#### Exercise goal
Pictures excluded, copy all of the data below exactly.

START Task input

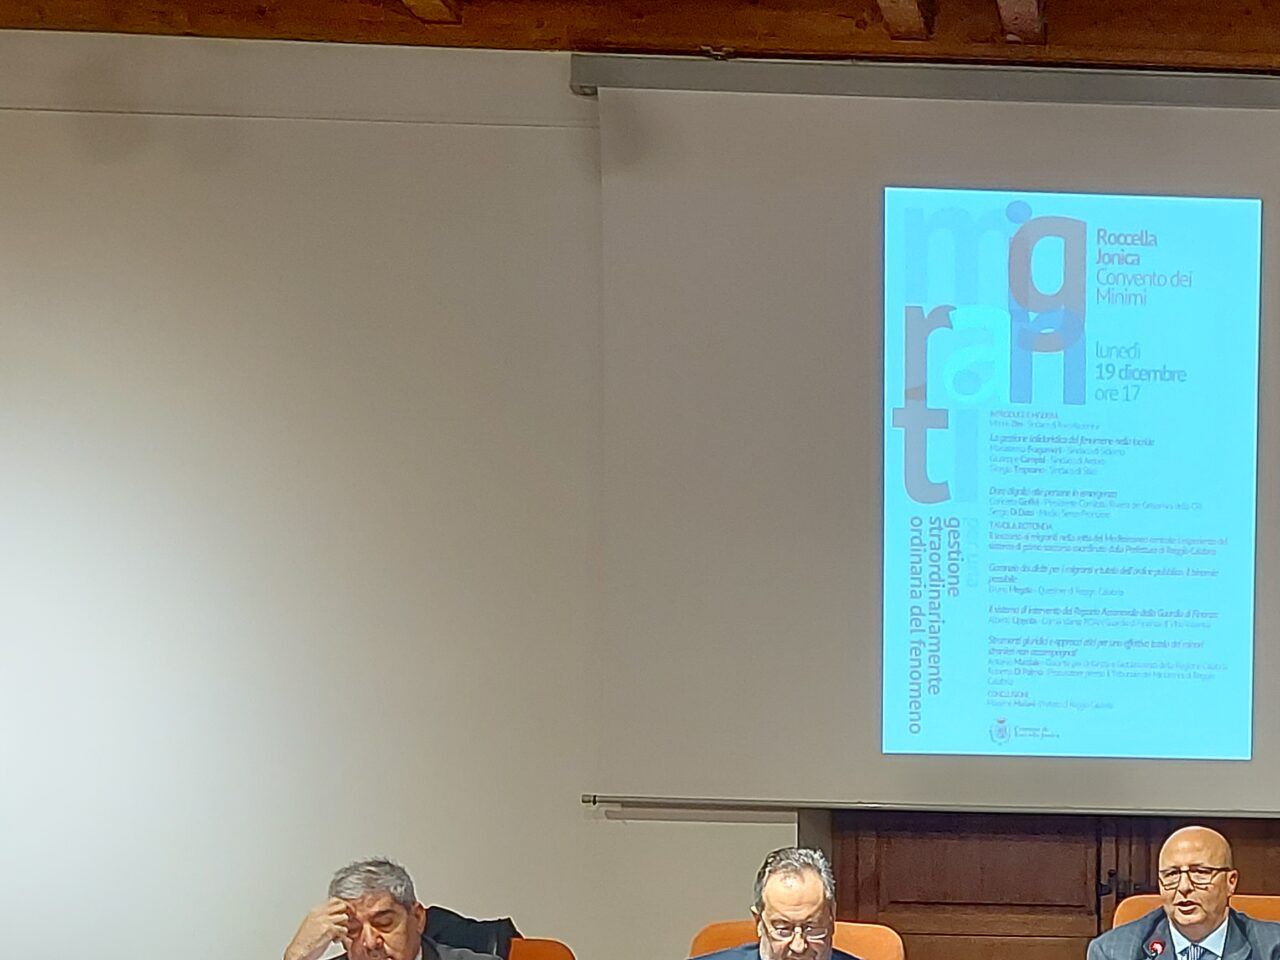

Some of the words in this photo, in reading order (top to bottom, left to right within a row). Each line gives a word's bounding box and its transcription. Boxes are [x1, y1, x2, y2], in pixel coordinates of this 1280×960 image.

[1097, 228, 1157, 247] Roccella
[1096, 248, 1140, 265] Jonica
[1097, 267, 1167, 287] Convento
[1170, 270, 1193, 288] dei
[1097, 287, 1147, 306] Minimi
[1095, 363, 1116, 380] 19
[1118, 364, 1188, 382] dicembre
[909, 516, 927, 599] ordinaria
[943, 516, 964, 598] gestione
[927, 516, 946, 697] straordinariamente
[909, 605, 926, 634] del
[908, 639, 926, 735] fenomeno

END Task input

#### Solution
Some of the words in this photo, in reading order (top to bottom, left to right within a row). Each line gives a word's bounding box and its transcription. Boxes are [x1, y1, x2, y2], in pixel coordinates of this 1280×960 image.

[1097, 228, 1157, 247] Roccella
[1096, 248, 1140, 265] Jonica
[1097, 267, 1167, 287] Convento
[1170, 270, 1193, 288] dei
[1097, 287, 1147, 306] Minimi
[1095, 363, 1116, 380] 19
[1118, 364, 1188, 382] dicembre
[909, 516, 927, 599] ordinaria
[943, 516, 964, 598] gestione
[927, 516, 946, 697] straordinariamente
[909, 605, 926, 634] del
[908, 639, 926, 735] fenomeno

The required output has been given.